Trusted Delegation with HiveServer2

HiveServer2 determines the identity of the connecting user from the authentication subsystem (Kerberos or LDAP). Any new session started for this connection runs on behalf of this connecting user. If the server is configured to proxy the user at the Hadoop level, then all MapReduce jobs and HDFS accesses will be performed with the identity of the connecting user. If Apache Sentry is configured, then this connecting userid can also be used to verify access rights to underlying tables and views.

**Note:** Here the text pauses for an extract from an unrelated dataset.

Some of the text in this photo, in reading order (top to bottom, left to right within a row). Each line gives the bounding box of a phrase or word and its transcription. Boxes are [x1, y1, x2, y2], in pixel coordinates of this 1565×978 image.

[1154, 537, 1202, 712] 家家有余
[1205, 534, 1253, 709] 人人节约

Users with Hadoop superuser privileges can request an alternate user for the given session. HiveServer2 checks that the connecting user can proxy the requested userid, and if so, runs the new session as the alternate user. For example, the Hadoop superuser hue can request that a connection's session be run as user bob.

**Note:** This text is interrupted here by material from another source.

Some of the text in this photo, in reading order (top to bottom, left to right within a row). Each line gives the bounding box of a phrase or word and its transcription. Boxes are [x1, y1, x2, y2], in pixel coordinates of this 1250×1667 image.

Alternate users for new JDBC client connections are specified by adding the hive.server2.proxy.user=alternate_user_id property to the JDBC connection URL. For example, a JDBC connection string that lets user hue run a session as user bob would be as follows:
# Login as super user Hue 
kinit hue -k -t hue.keytab hue@MY-REALM.COM

# Connect using following JDBC connection string 
# jdbc:hive2://myHost.myOrg.com:10000/default;principal=hive/_HOST@MY-REALM.COM;hive.server2.proxy.user=bob

The connecting user must have Hadoop-level proxy privileges over the alternate user.

HiveServer2 Impersonation

HiveServer2 impersonation lets users execute queries and access HDFS files as the connected user rather than as the super user. Access policies are applied at the file level using the HDFS permissions specified in ACLs (access control lists). Enabling HiveServer2 impersonation bypasses Sentry from the end-to-end authorization process. Specifically, although Sentry enforces access control policies on tables and views within the Hive warehouse, it does not control access to the HDFS files that underlie the tables. This means that users without Sentry permissions to tables in the warehouse may nonetheless be able to bypass Sentry authorization checks and execute jobs and queries against tables in the warehouse as long as they have permissions on the HDFS files supporting the table.

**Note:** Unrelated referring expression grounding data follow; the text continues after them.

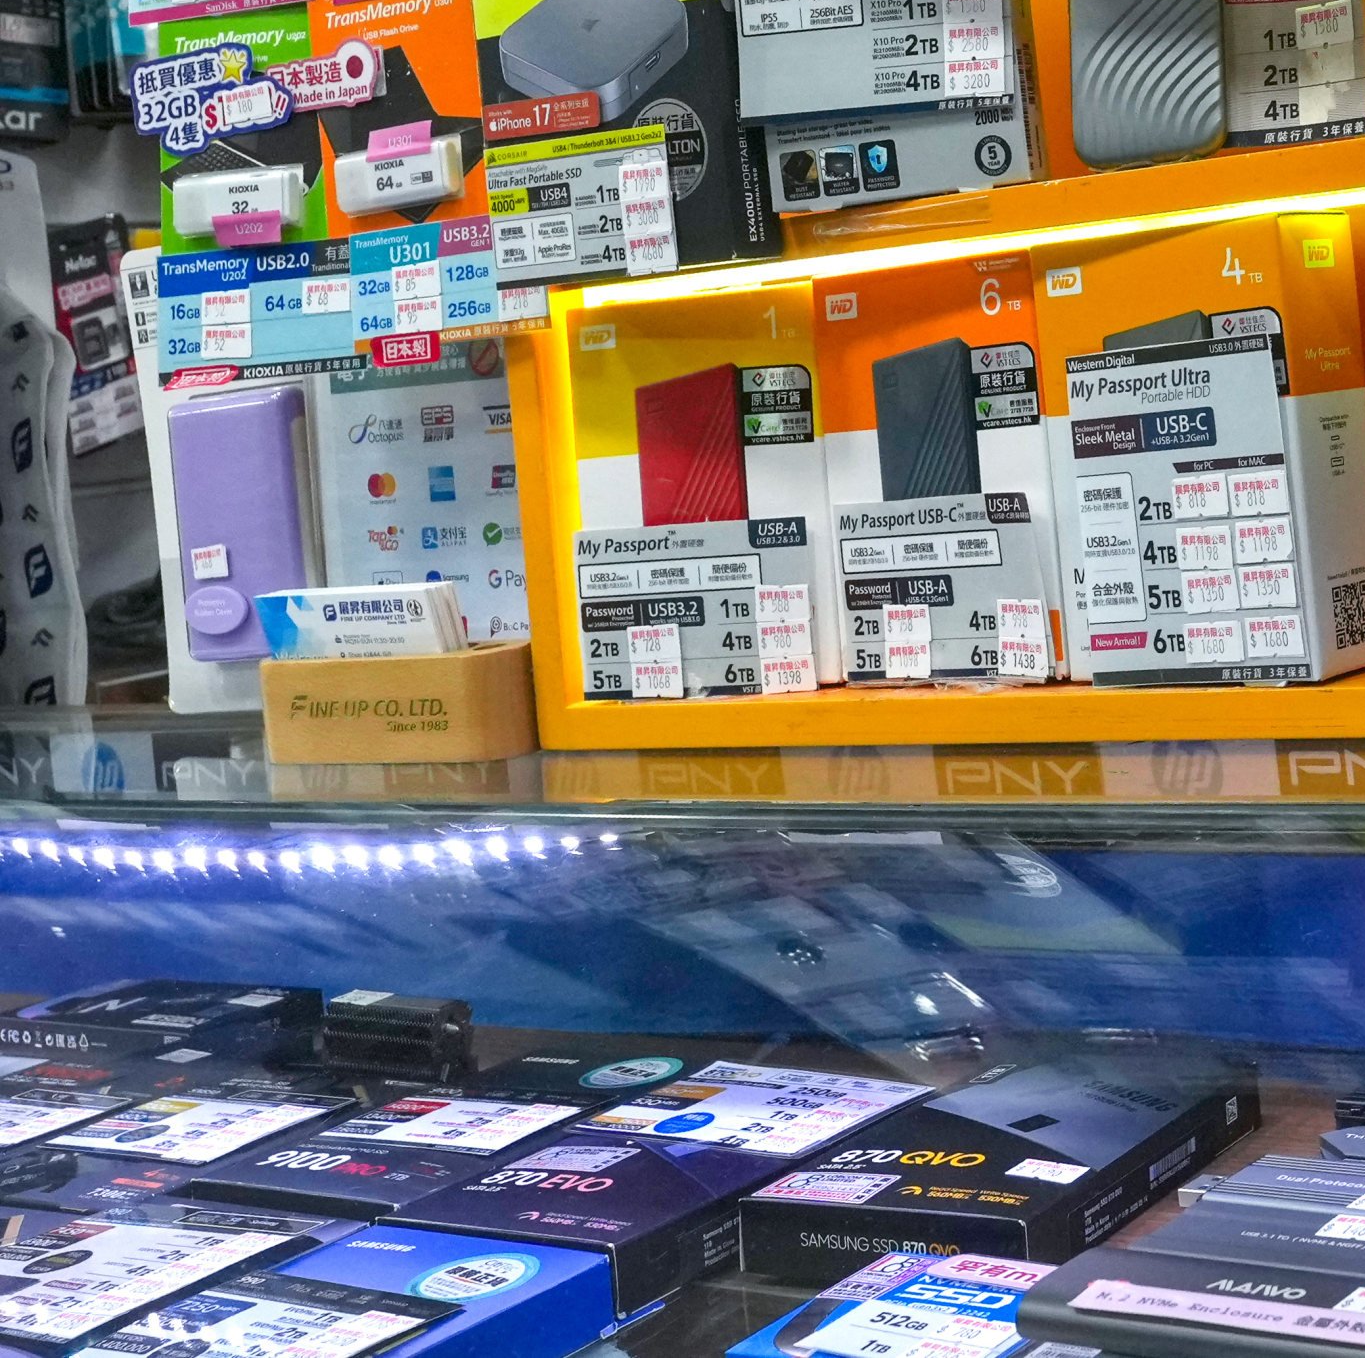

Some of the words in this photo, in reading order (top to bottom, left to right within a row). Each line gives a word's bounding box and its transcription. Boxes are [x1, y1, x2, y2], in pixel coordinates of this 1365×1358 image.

[137, 58, 217, 92] 抵買優惠
[142, 95, 196, 124] 32GB
[169, 125, 200, 147] 4隻
[227, 184, 260, 194] KIOXIA
[443, 224, 490, 243] USB3.2
[1067, 358, 1104, 373] Western
[1106, 353, 1135, 369] Digital
[1070, 378, 1094, 402] My
[1098, 370, 1167, 397] Passport
[1171, 365, 1211, 386] Ultra
[1156, 412, 1208, 434] USB-C
[338, 598, 404, 615] 展昇有限公司
[344, 700, 369, 718] UP
[374, 699, 404, 718] CO.
[409, 698, 449, 717] LTD.
[256, 1149, 346, 1173] 9100
[330, 1160, 388, 1178] PRO
[831, 1148, 903, 1164] 870
[899, 1151, 987, 1169] QVO
[480, 1171, 548, 1187] 870
[544, 1172, 615, 1195] EVO
[346, 1239, 416, 1253] SAMSUNG

To configure Sentry correctly, restrict ownership of the Hive warehouse to hive:hive and disable Hive impersonation.

To enable impersonation in HiveServer2:

  1. Add the following property to the /etc/hive/conf/hive-site.xml file and set the value to true. (The default value is false.)
    <property>
      <name>hive.server2.enable.impersonation</name>
      <description>Enable user impersonation for HiveServer2</description>
      <value>true</value>
    </property>
  2. In HDFS or MapReduce configurations, add the following property to the core-site.xml file:
    <property>
      <name>hadoop.proxyuser.hive.hosts</name>
      <value>*</value>
    </property>
    <property>
      <name>hadoop.proxyuser.hive.groups</name>
      <value>*</value>
    </property>

See also File System Permissions.

Securing the Hive Metastore

To prevent users from accessing the Hive metastore and the Hive metastore database using any method other than through HiveServer2, the following actions are recommended:

  • Add a firewall rule on the metastore service host to allow access to the metastore port only from the HiveServer2 host. You can do this using iptables.
  • Grant access to the metastore database only from the metastore service host. This is specified for MySQL as:
    GRANT ALL PRIVILEGES ON metastore.* TO 'hive'@'metastorehost';
    where metastorehost is the host where the metastore service is running.
  • Make sure users who are not admins cannot log on to the host on which HiveServer2 runs.